- Data to process
____________________
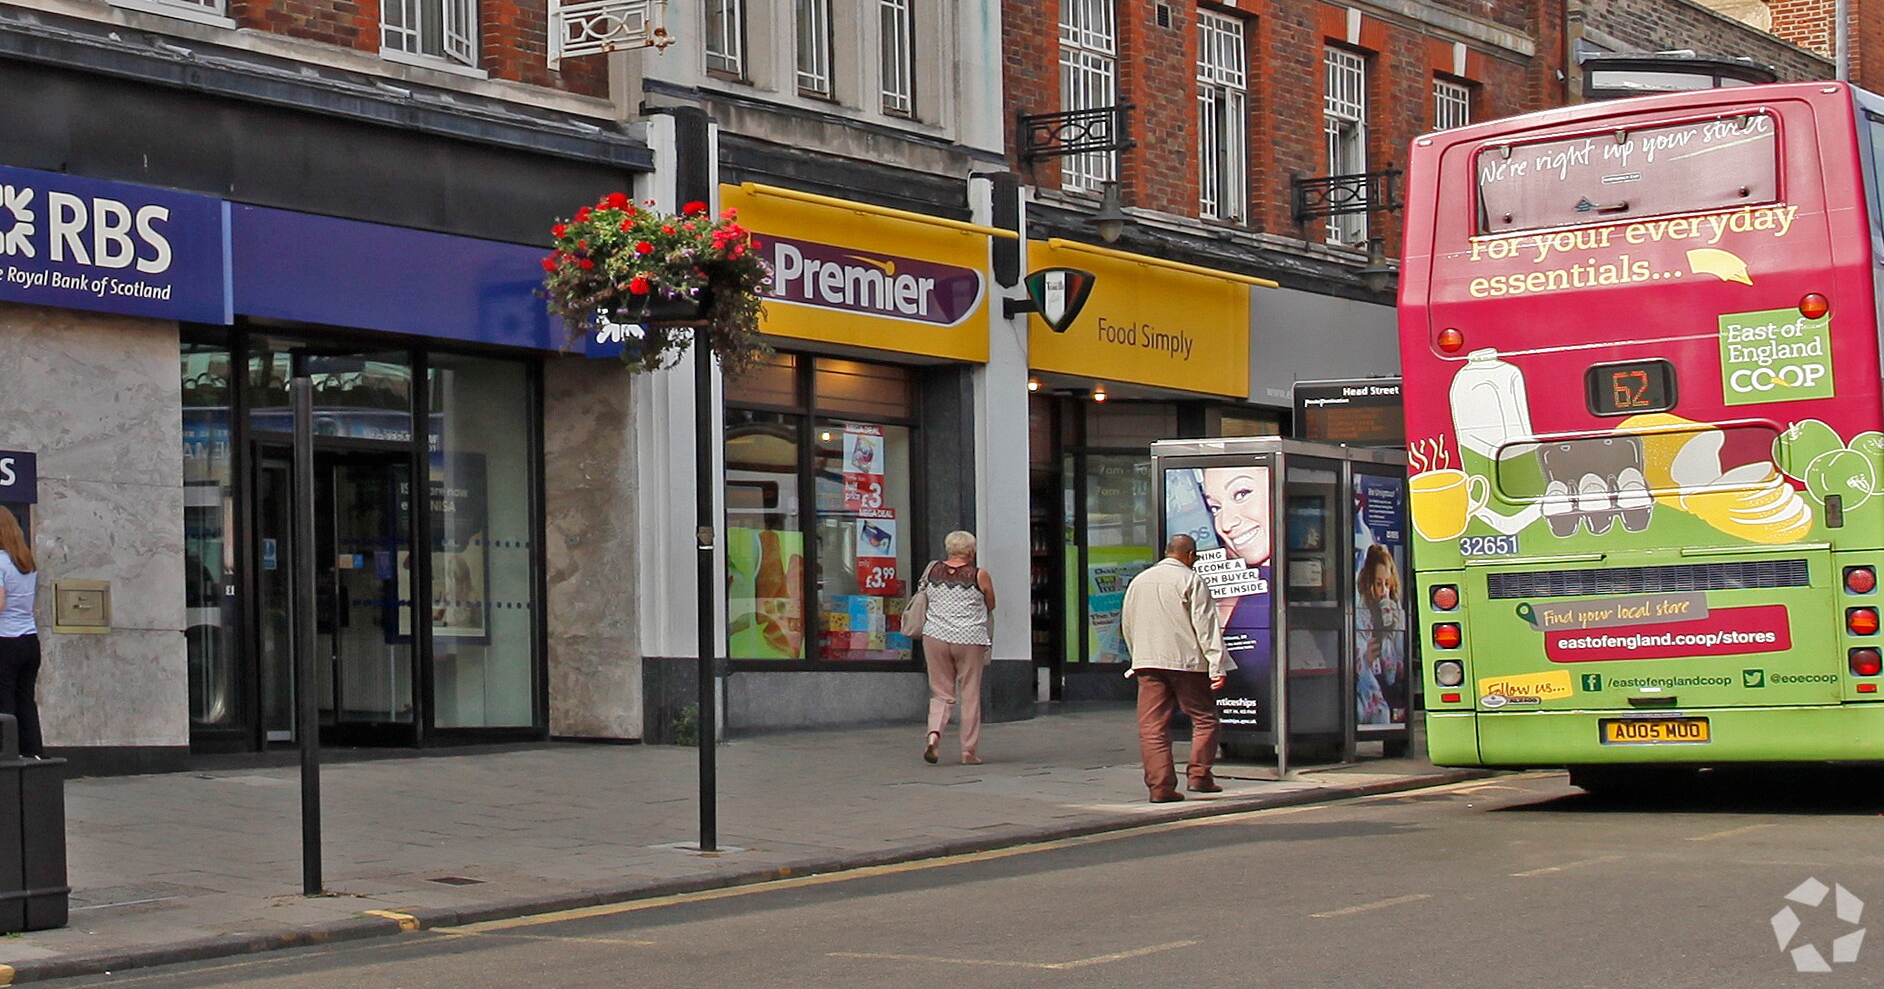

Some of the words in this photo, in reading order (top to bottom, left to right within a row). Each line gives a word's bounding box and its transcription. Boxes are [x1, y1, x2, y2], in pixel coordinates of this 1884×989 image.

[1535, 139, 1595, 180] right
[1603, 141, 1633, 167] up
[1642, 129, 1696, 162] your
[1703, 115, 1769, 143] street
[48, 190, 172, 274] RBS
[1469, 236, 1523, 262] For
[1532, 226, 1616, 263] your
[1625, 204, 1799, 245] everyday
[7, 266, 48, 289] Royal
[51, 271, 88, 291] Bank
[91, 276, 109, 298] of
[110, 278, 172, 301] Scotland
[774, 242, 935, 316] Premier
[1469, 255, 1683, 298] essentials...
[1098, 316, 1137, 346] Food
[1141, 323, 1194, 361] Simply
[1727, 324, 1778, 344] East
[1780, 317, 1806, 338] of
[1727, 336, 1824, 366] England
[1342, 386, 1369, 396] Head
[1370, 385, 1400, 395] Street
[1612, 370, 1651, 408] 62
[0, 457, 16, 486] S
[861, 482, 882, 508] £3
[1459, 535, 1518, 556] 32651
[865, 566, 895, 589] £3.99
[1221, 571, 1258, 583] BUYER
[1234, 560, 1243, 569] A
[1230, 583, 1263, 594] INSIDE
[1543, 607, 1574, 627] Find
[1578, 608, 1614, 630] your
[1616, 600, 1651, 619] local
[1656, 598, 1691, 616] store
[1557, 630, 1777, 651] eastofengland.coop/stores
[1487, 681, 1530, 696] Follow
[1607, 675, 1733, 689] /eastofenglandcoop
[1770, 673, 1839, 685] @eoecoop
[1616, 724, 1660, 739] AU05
____________________
- Work item
Leave the pictures out and reproduce each record exactly as written.

- Exercise solution
Some of the words in this photo, in reading order (top to bottom, left to right within a row). Each line gives a word's bounding box and its transcription. Boxes are [x1, y1, x2, y2], in pixel coordinates of this 1884×989 image.

[1535, 139, 1595, 180] right
[1603, 141, 1633, 167] up
[1642, 129, 1696, 162] your
[1703, 115, 1769, 143] street
[48, 190, 172, 274] RBS
[1469, 236, 1523, 262] For
[1532, 226, 1616, 263] your
[1625, 204, 1799, 245] everyday
[7, 266, 48, 289] Royal
[51, 271, 88, 291] Bank
[91, 276, 109, 298] of
[110, 278, 172, 301] Scotland
[774, 242, 935, 316] Premier
[1469, 255, 1683, 298] essentials...
[1098, 316, 1137, 346] Food
[1141, 323, 1194, 361] Simply
[1727, 324, 1778, 344] East
[1780, 317, 1806, 338] of
[1727, 336, 1824, 366] England
[1342, 386, 1369, 396] Head
[1370, 385, 1400, 395] Street
[1612, 370, 1651, 408] 62
[0, 457, 16, 486] S
[861, 482, 882, 508] £3
[1459, 535, 1518, 556] 32651
[865, 566, 895, 589] £3.99
[1221, 571, 1258, 583] BUYER
[1234, 560, 1243, 569] A
[1230, 583, 1263, 594] INSIDE
[1543, 607, 1574, 627] Find
[1578, 608, 1614, 630] your
[1616, 600, 1651, 619] local
[1656, 598, 1691, 616] store
[1557, 630, 1777, 651] eastofengland.coop/stores
[1487, 681, 1530, 696] Follow
[1607, 675, 1733, 689] /eastofenglandcoop
[1770, 673, 1839, 685] @eoecoop
[1616, 724, 1660, 739] AU05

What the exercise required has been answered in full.